Os médicos diagnosticam o caso como sendo uma infeção de “covid de cauda longa”, uma reação ao vírus que só acontece a algumas pessoas. No início de março, a britânica Monique Jackson começou a ter sintomas ligeiros, mas que nunca melhoraram com o passar dos meses.

De mulher ativa e extrovertida, como se considera, deixou de correr 20 quilómetros por dia, para se dedicar ao instagram e partilhar, através de ilustrações que faz, os sintomas de que tem sido vítima dia após dia.

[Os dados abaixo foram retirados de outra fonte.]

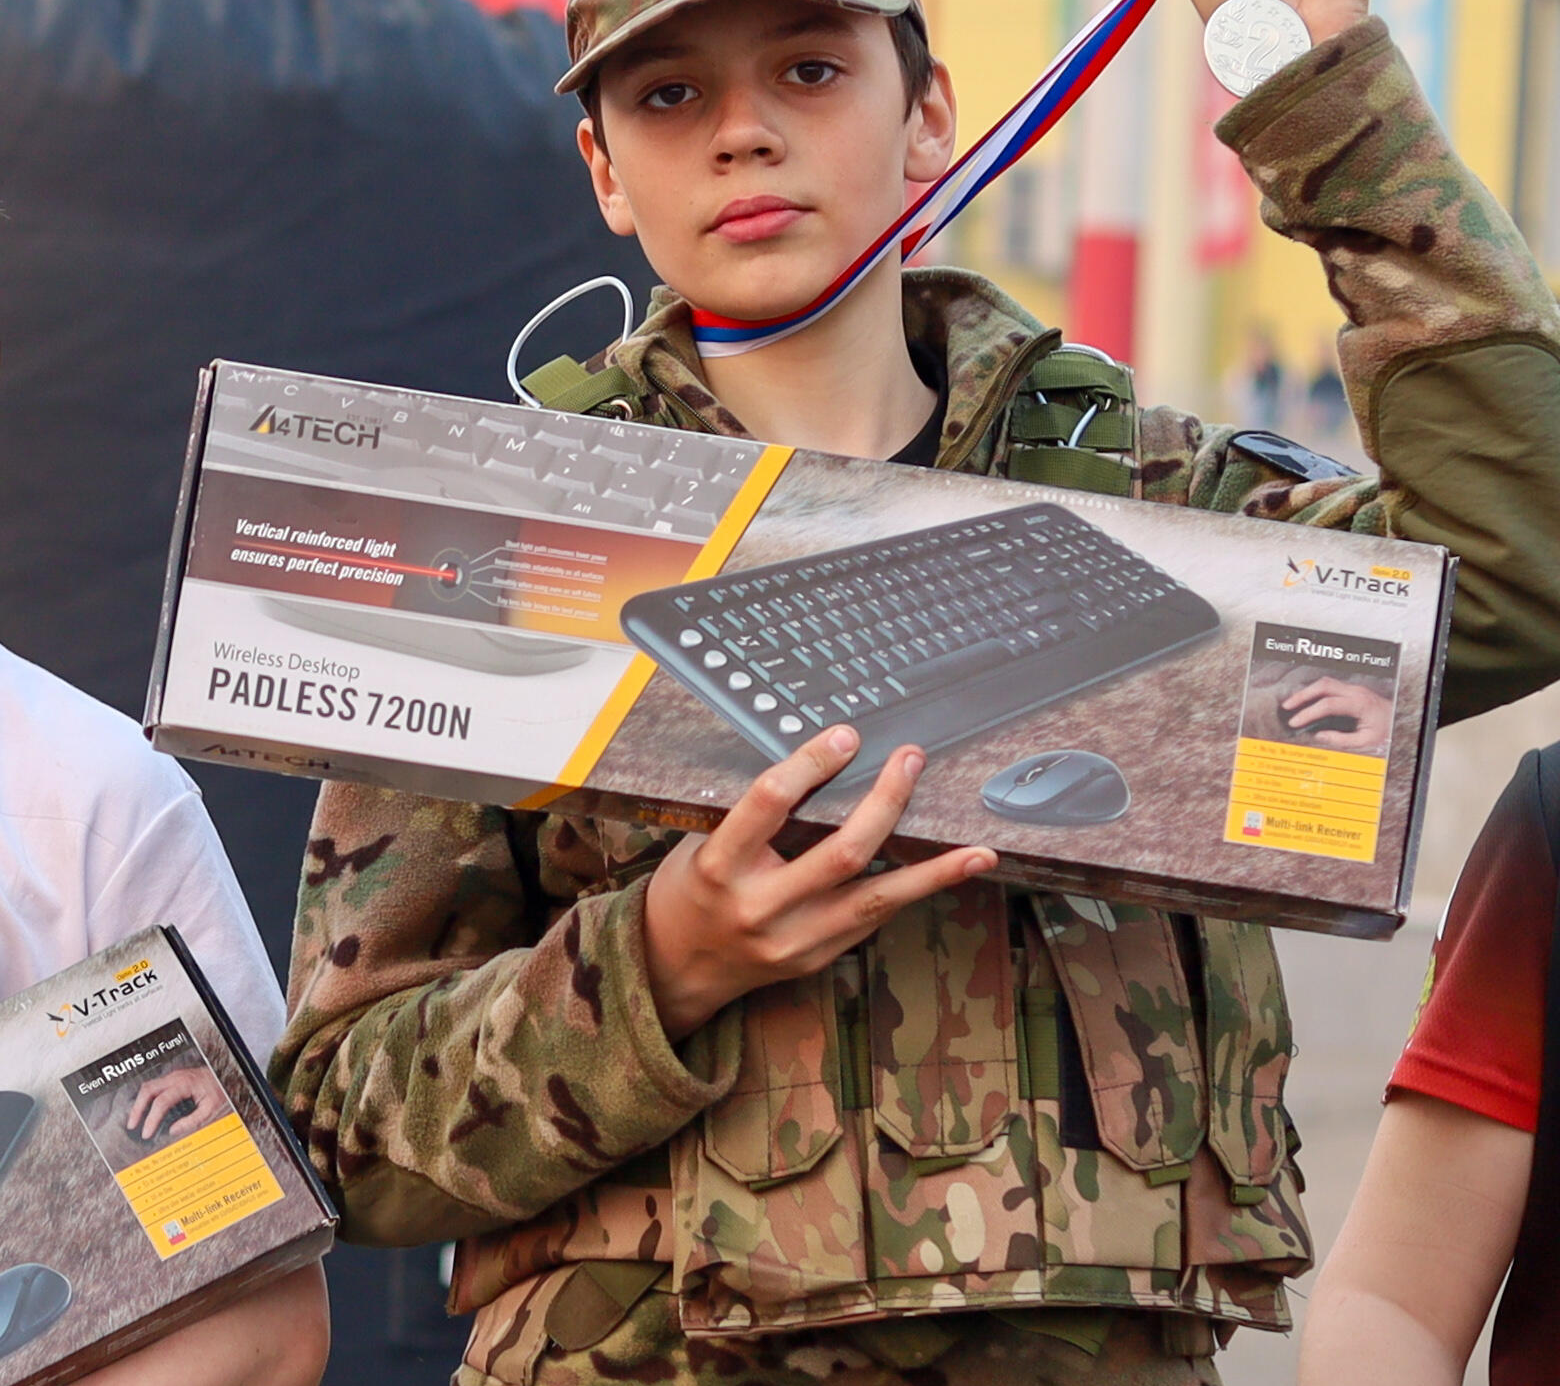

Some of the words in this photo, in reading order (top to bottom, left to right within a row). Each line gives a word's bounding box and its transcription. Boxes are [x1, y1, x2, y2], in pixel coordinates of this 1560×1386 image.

Através das publicações na rede social, relaciona-se com outras pessoas que passam ou já passaram pela mesma situação.  

Monique começou por ter febre e dificuldades respiratórias, mas não terá realizado logo o teste, porque no Reino Unido só os casos considerados mais graves eram testados e os bombeiros tinham-lhe dito que estava a sofrer um ataque de pânico.

Começou por se auto medicar, com remédios naturais e ao fim de duas semanas, alguns sintomas tinham desaparecido, mas novos tinham surgido, como por exemplo ardor no peito e na garganta.

A mulher terá recorrido novamente ao serviço médico britânico, que lhe terá receitado um paracetamol. Só mais tarde se descobriu que problemas gástricos são um dos sintomas da covid-19.

Monique acabou por se afastar das redes sociais e da internet, com o intuito de evitar ler sobre os sintomas da doença. O tempo foi passando, os sintomas foram-se mantendo em constante alteração e os médicos a desvalorizar a situação.

Se eles me dissessem que eu tinha covid-19, mas não tinham ideia de como tratar, teria sido tudo bem".

Monique só terá sido testada nove semanas depois e o resultado foi negativo, o que, diz a própria, não garante que anteriormente não tenha contraído o vírus e não invalida que os sintomas sejam reais.

Neste período de tempo, Monique já mudou de casa, com receio de transmitir algo aos antigos colegas de casa e evita andar na rua.

Os médicos não sabem como ajudar doentes nesta situação.